DATA TO PROCESS ▸
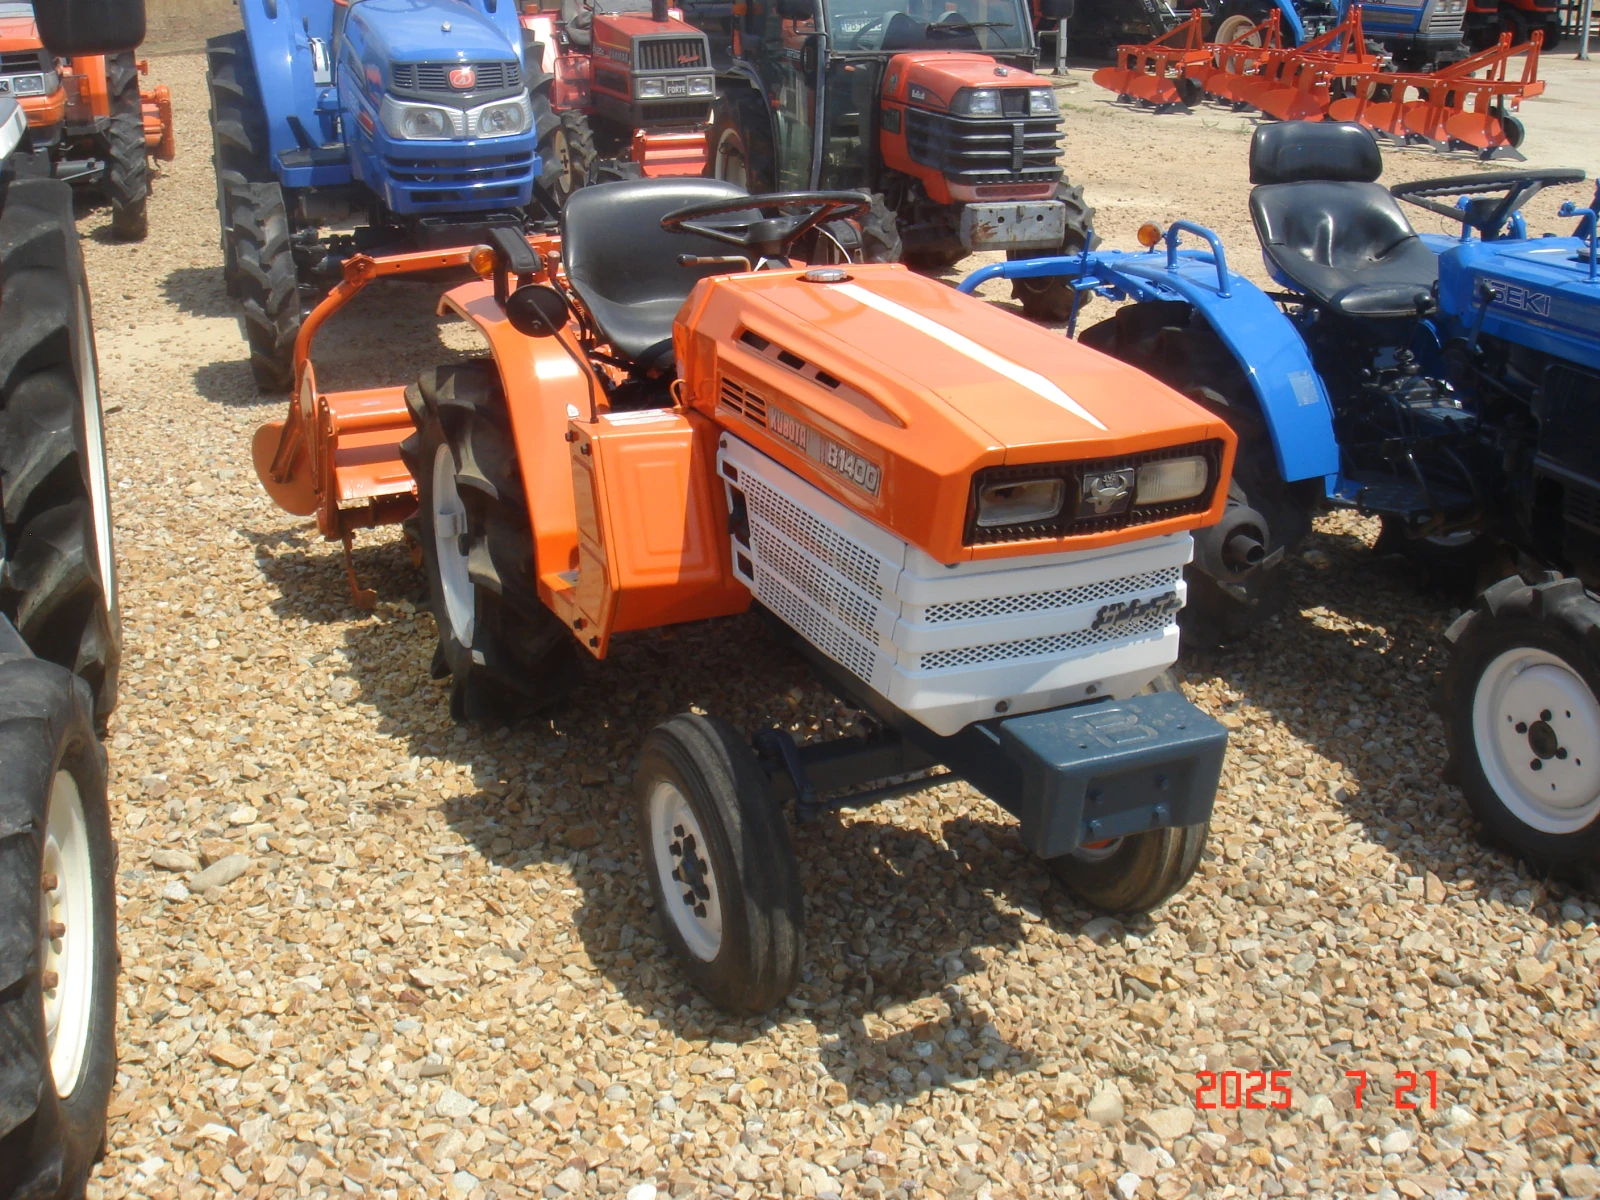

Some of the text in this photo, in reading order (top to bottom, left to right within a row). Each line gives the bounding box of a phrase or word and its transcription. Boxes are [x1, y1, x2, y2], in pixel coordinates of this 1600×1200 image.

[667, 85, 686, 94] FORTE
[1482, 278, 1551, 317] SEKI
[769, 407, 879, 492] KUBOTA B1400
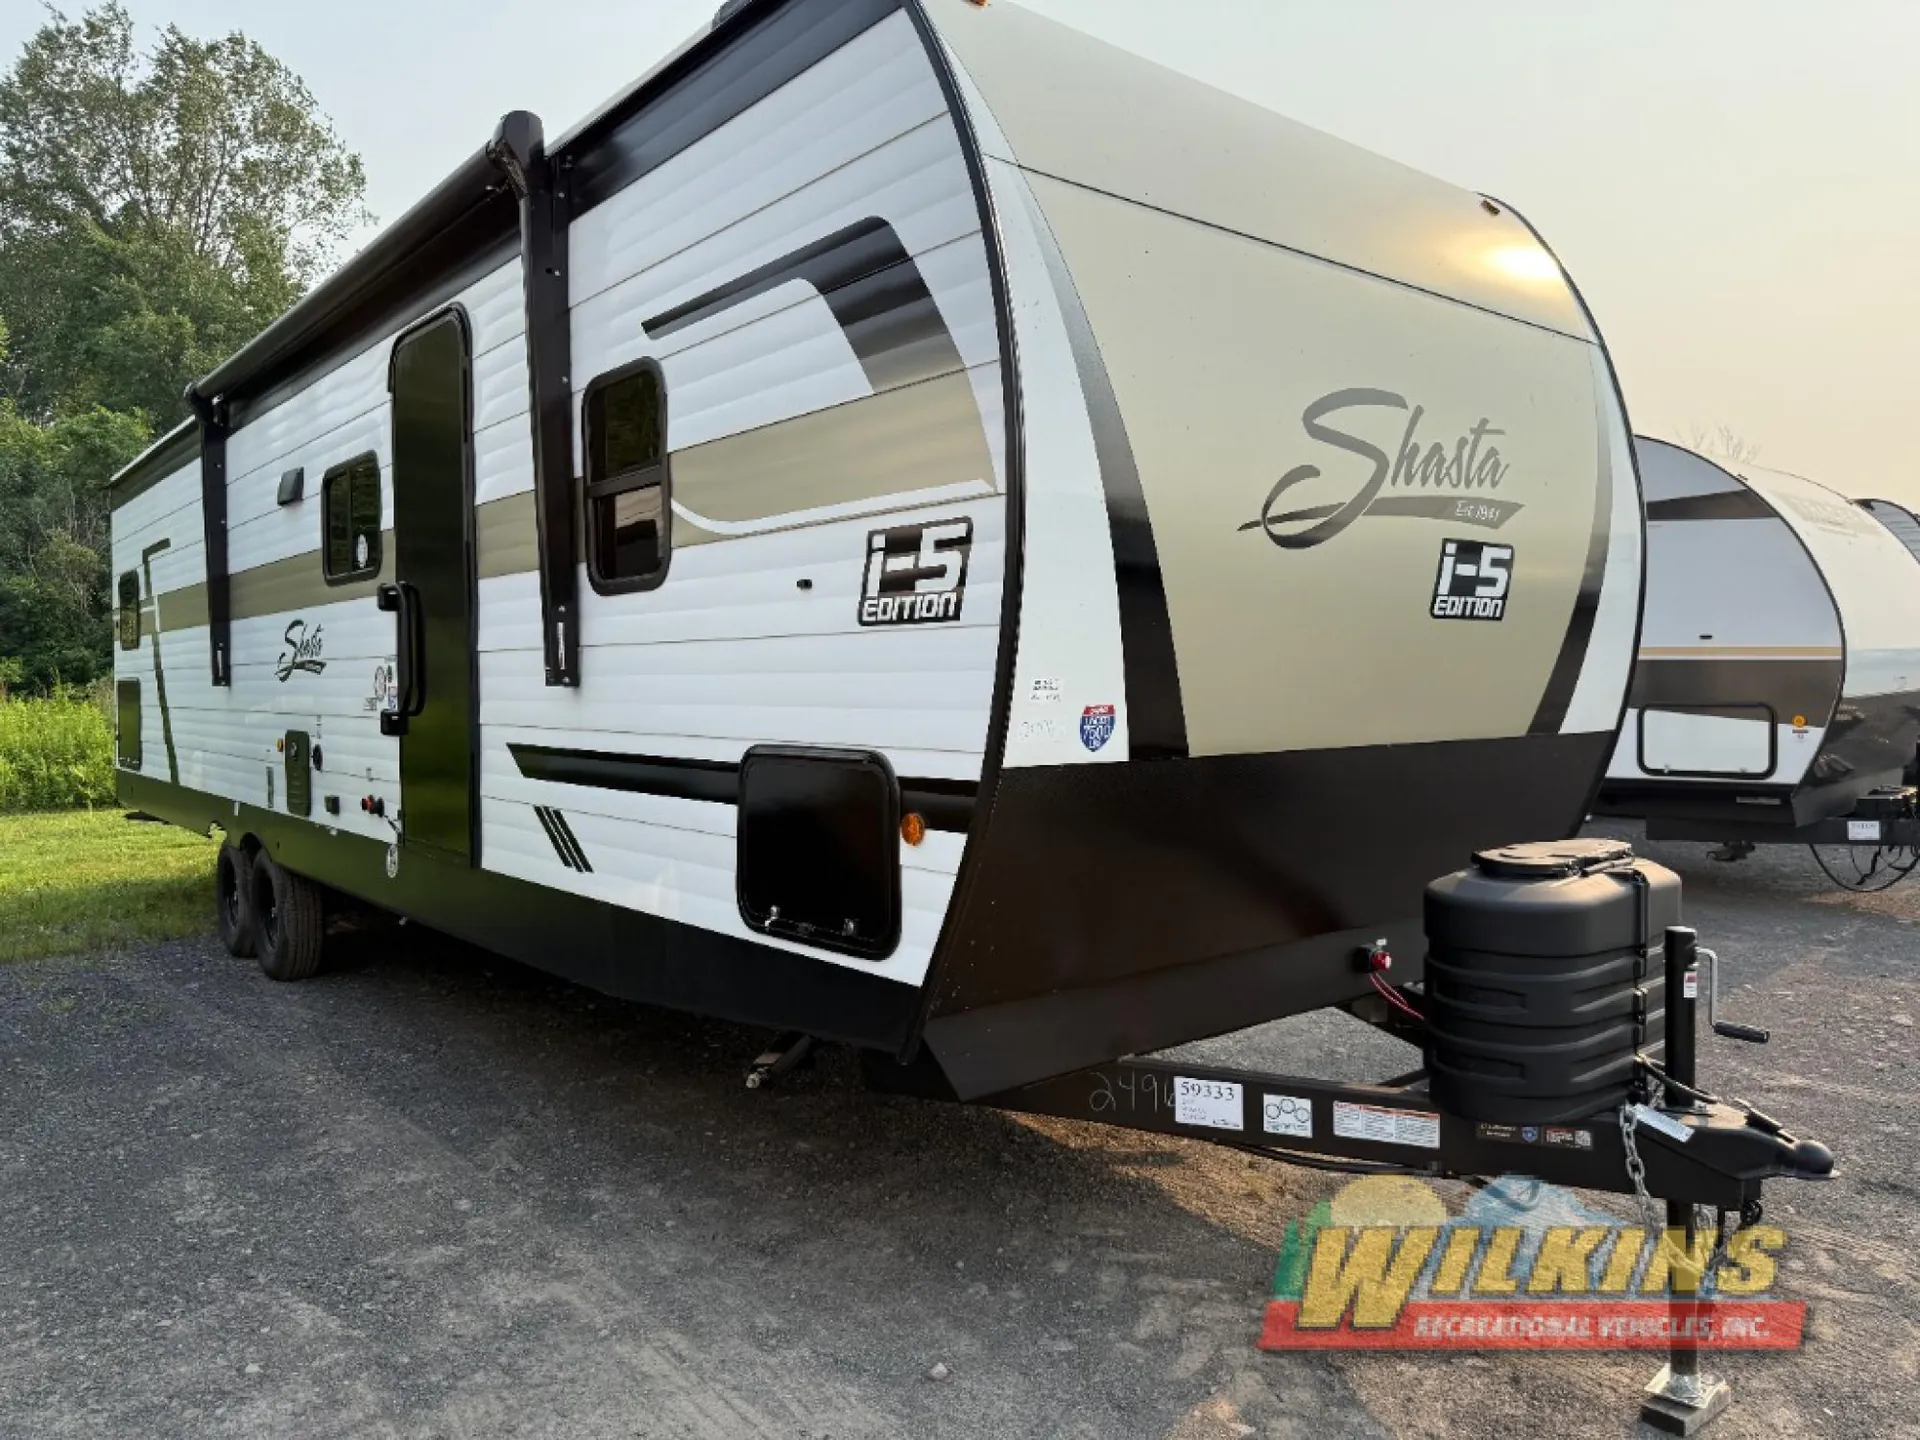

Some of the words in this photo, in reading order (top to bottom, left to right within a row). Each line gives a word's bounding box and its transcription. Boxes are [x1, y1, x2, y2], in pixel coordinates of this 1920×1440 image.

PROBLEM DESCRIPTION ▸ In your copy of the material, match every word exactly and include no pictures.

SOLUTION TO THIS PROBLEM ▸
Some of the text in this photo, in reading order (top to bottom, left to right within a row). Each line gives the bounding box of a phrase or word and its transcription. Boxes are [x1, y1, x2, y2], in pixel coordinates of this 1600×1200 image.

[667, 85, 686, 94] FORTE
[1482, 278, 1551, 317] SEKI
[769, 407, 879, 492] KUBOTA B1400

Some of the words in this photo, in reading order (top to bottom, left to right within a row). Each line gives a word's bounding box and its transcription. Boxes are [x1, y1, x2, y2], in pixel coordinates of this 1920×1440 image.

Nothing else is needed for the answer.